» Phrase grounding data:
⟨
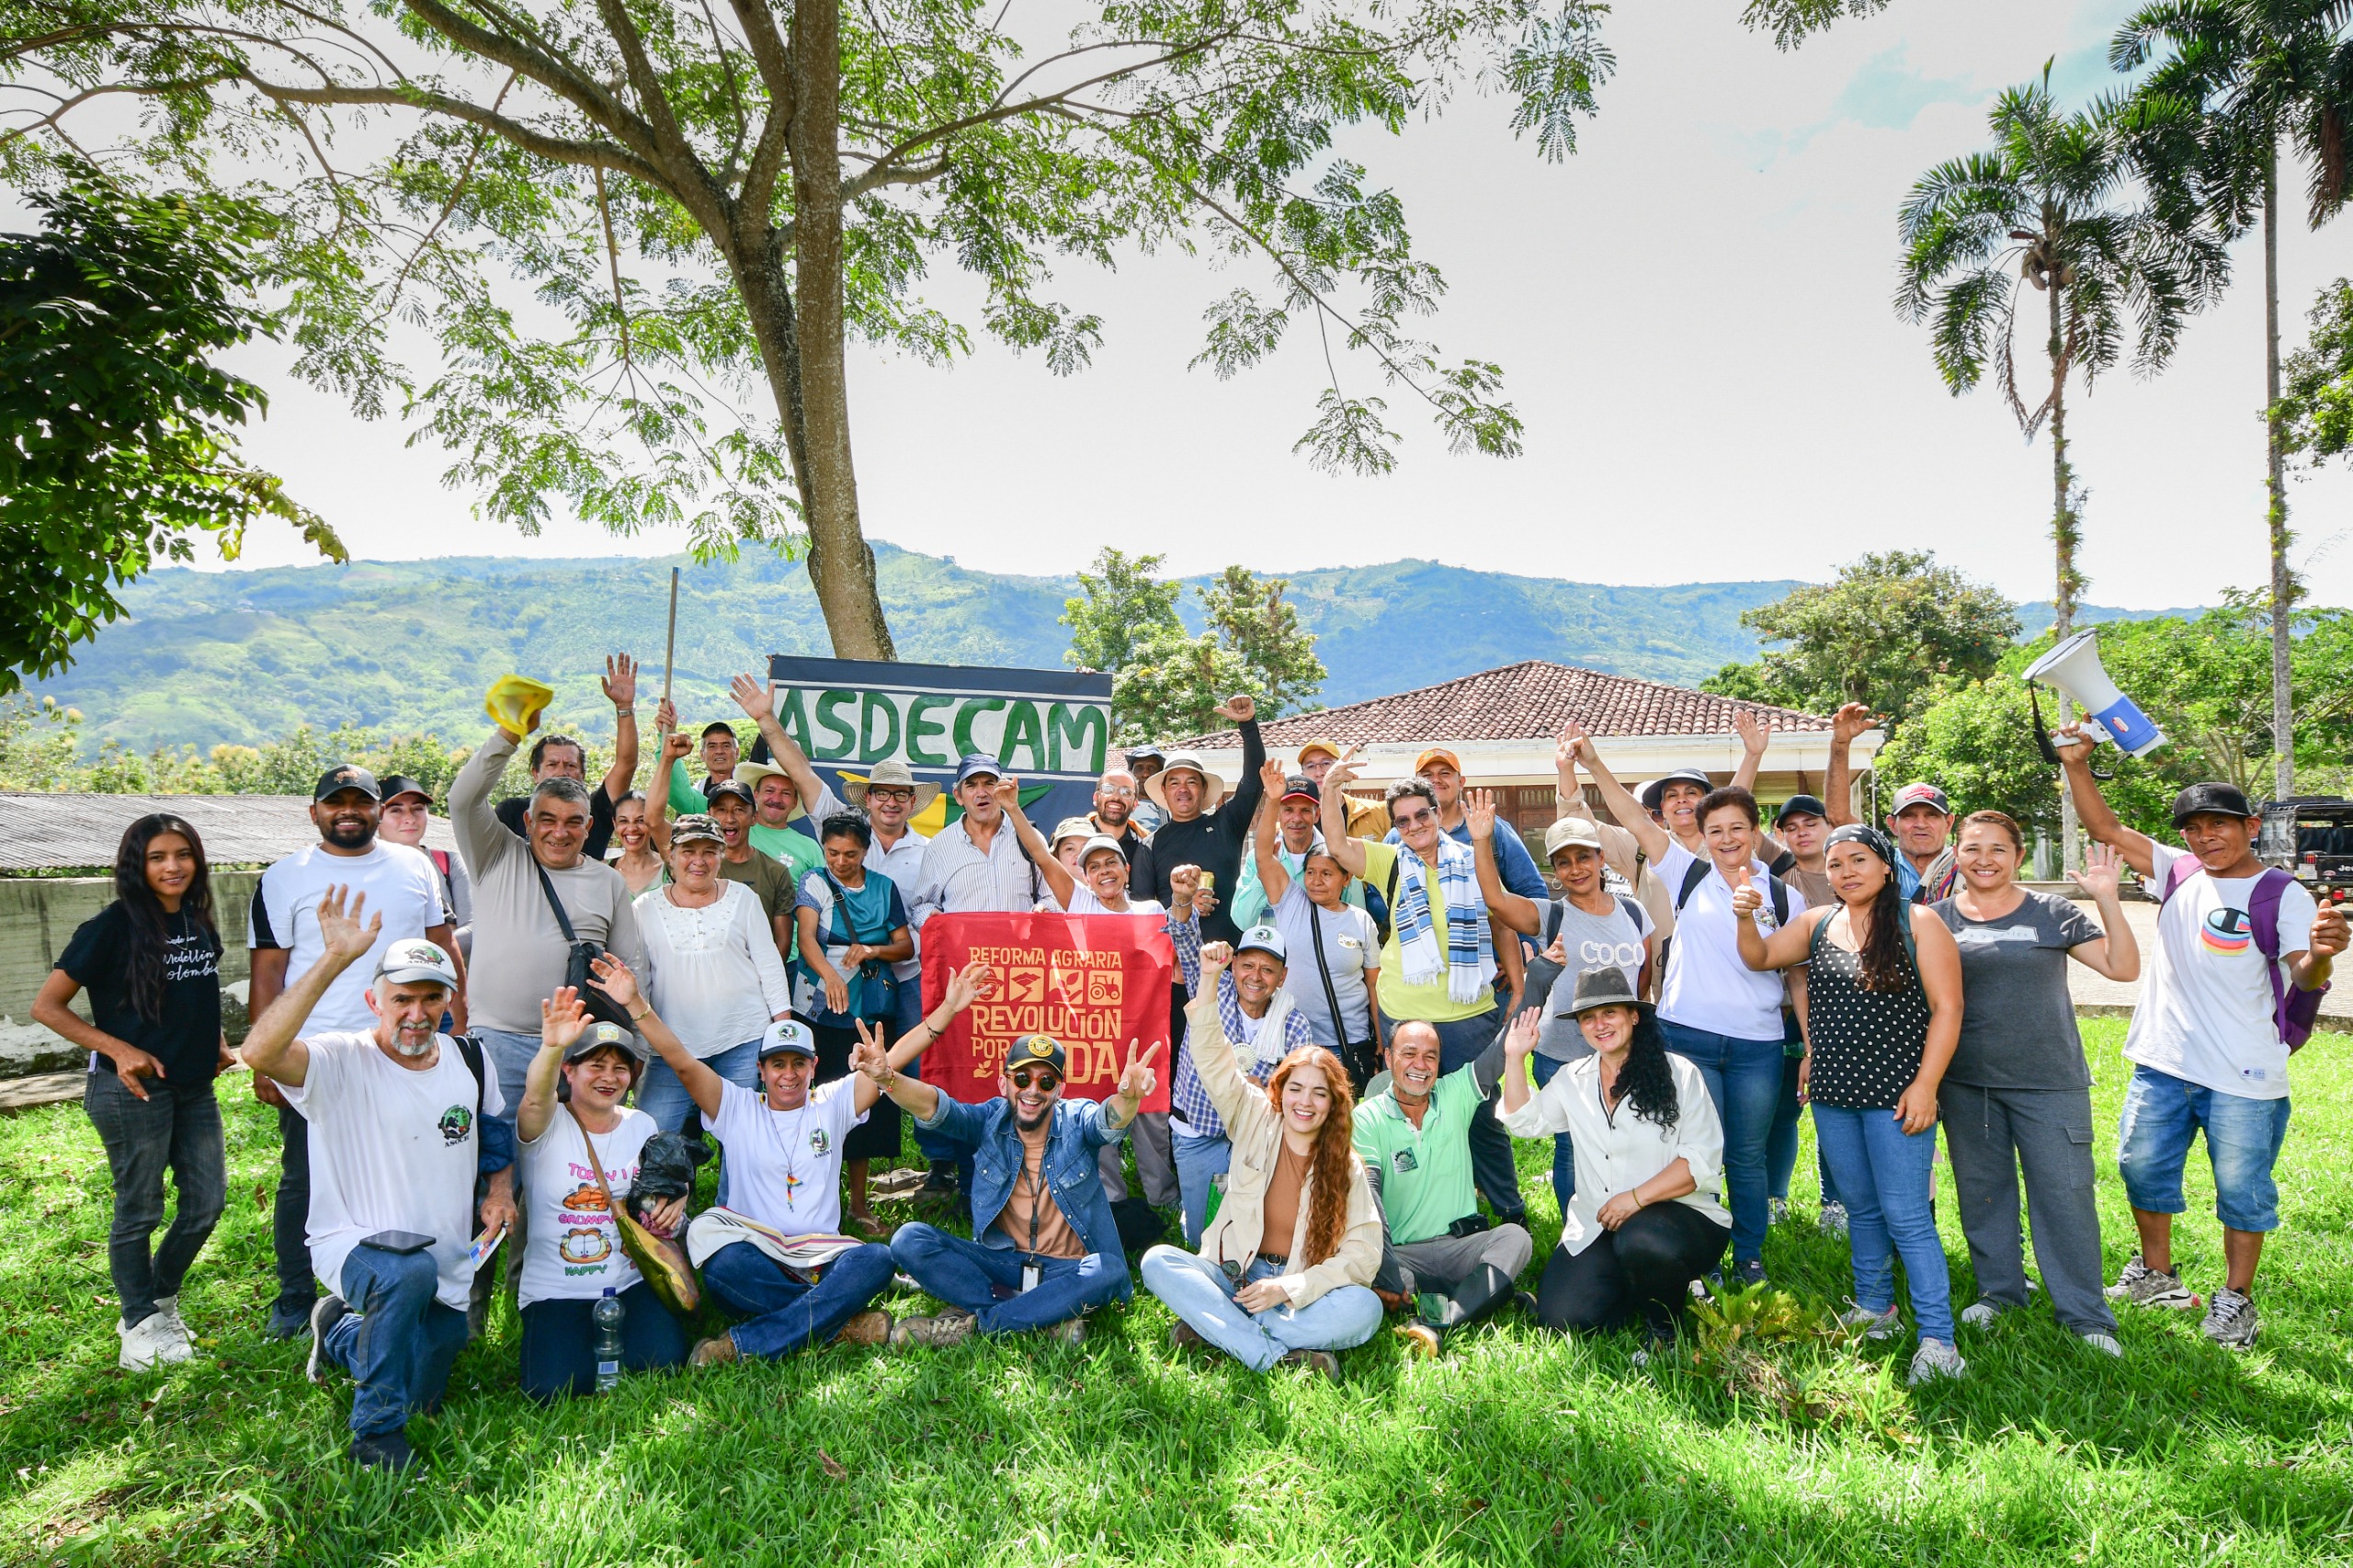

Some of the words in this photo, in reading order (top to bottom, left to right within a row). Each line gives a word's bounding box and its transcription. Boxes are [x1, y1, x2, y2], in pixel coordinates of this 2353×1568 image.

[779, 688, 1108, 772] ASDECAM
[969, 947, 1046, 965] REFORMA
[1051, 949, 1122, 968] AGRARIA
[1580, 940, 1646, 967] COCO
[970, 1005, 1121, 1040] REVOLUCIÓN
[971, 1037, 1010, 1059] POR
[568, 1163, 617, 1181] TODY
[559, 1213, 615, 1225] GRUMPY
[564, 1264, 608, 1277] HAPPY
⟩
» WHAT IS REQUIRED: No picture belongs in the copy. Print every entry above exactly as it stands.

» YOUR SOLUTION:
Some of the words in this photo, in reading order (top to bottom, left to right within a row). Each line gives a word's bounding box and its transcription. Boxes are [x1, y1, x2, y2], in pixel coordinates of this 2353×1568 image.

[779, 688, 1108, 772] ASDECAM
[969, 947, 1046, 965] REFORMA
[1051, 949, 1122, 968] AGRARIA
[1580, 940, 1646, 967] COCO
[970, 1005, 1121, 1040] REVOLUCIÓN
[971, 1037, 1010, 1059] POR
[568, 1163, 617, 1181] TODY
[559, 1213, 615, 1225] GRUMPY
[564, 1264, 608, 1277] HAPPY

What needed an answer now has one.